## Work instructions
Pictures aside, each entry has to be returned exactly as it stands.

## Working data
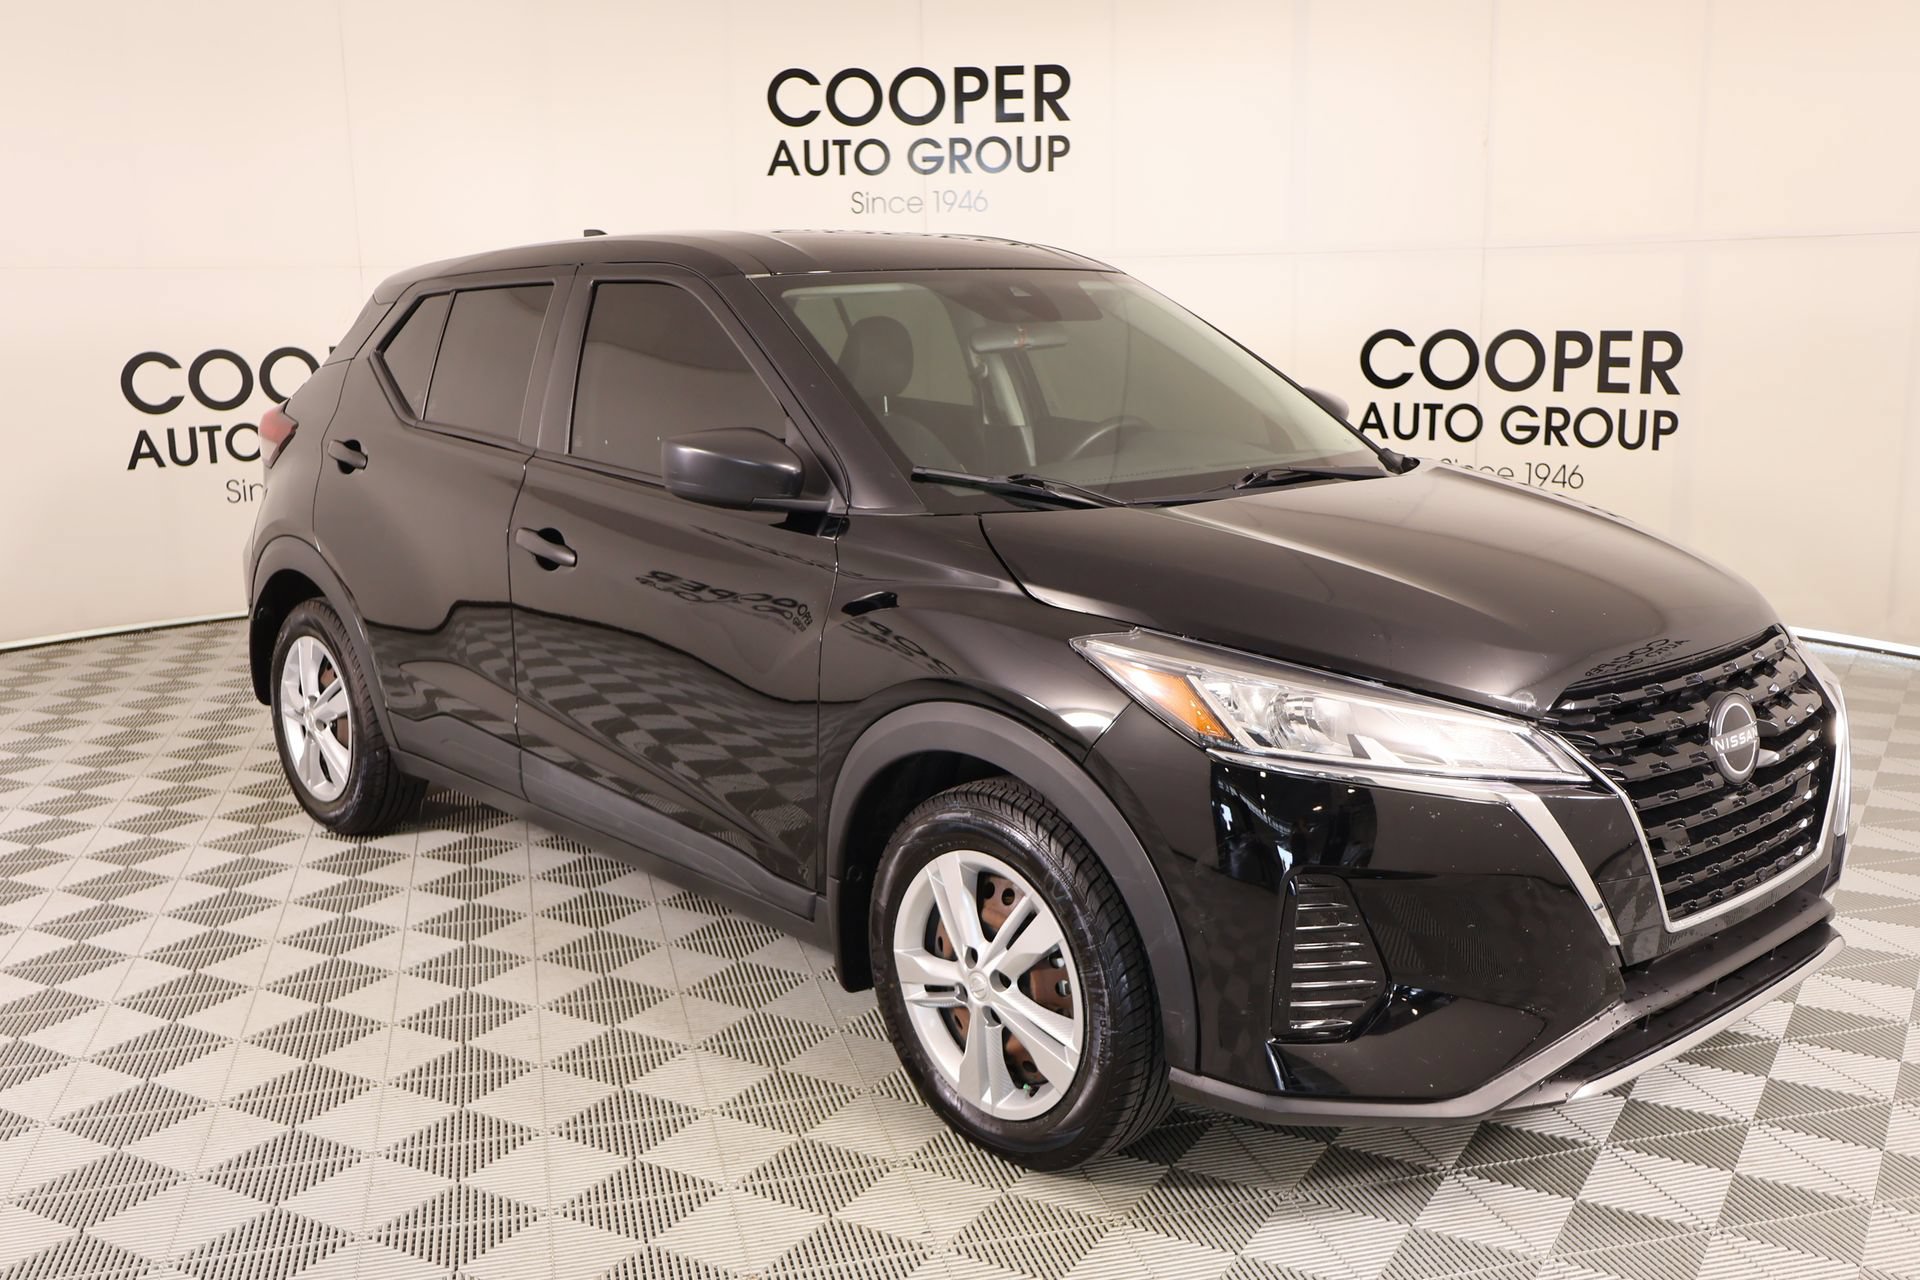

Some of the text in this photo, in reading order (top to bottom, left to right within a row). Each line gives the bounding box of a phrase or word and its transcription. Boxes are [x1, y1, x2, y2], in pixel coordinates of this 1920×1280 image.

[767, 64, 1071, 127] COOPER
[767, 135, 1070, 176] AUTO GROUP
[851, 189, 989, 214] Since 1946
[121, 346, 336, 415] COO
[1360, 329, 1683, 395] COOPER
[127, 422, 262, 470] AUTO
[1358, 402, 1679, 451] AUTO GROUP
[1525, 462, 1584, 489] 1946
[1713, 726, 1758, 752] NISSAN

## Final answer
Some of the text in this photo, in reading order (top to bottom, left to right within a row). Each line gives the bounding box of a phrase or word and its transcription. Boxes are [x1, y1, x2, y2], in pixel coordinates of this 1920×1280 image.

[767, 64, 1071, 127] COOPER
[767, 135, 1070, 176] AUTO GROUP
[851, 189, 989, 214] Since 1946
[121, 346, 336, 415] COO
[1360, 329, 1683, 395] COOPER
[127, 422, 262, 470] AUTO
[1358, 402, 1679, 451] AUTO GROUP
[1525, 462, 1584, 489] 1946
[1713, 726, 1758, 752] NISSAN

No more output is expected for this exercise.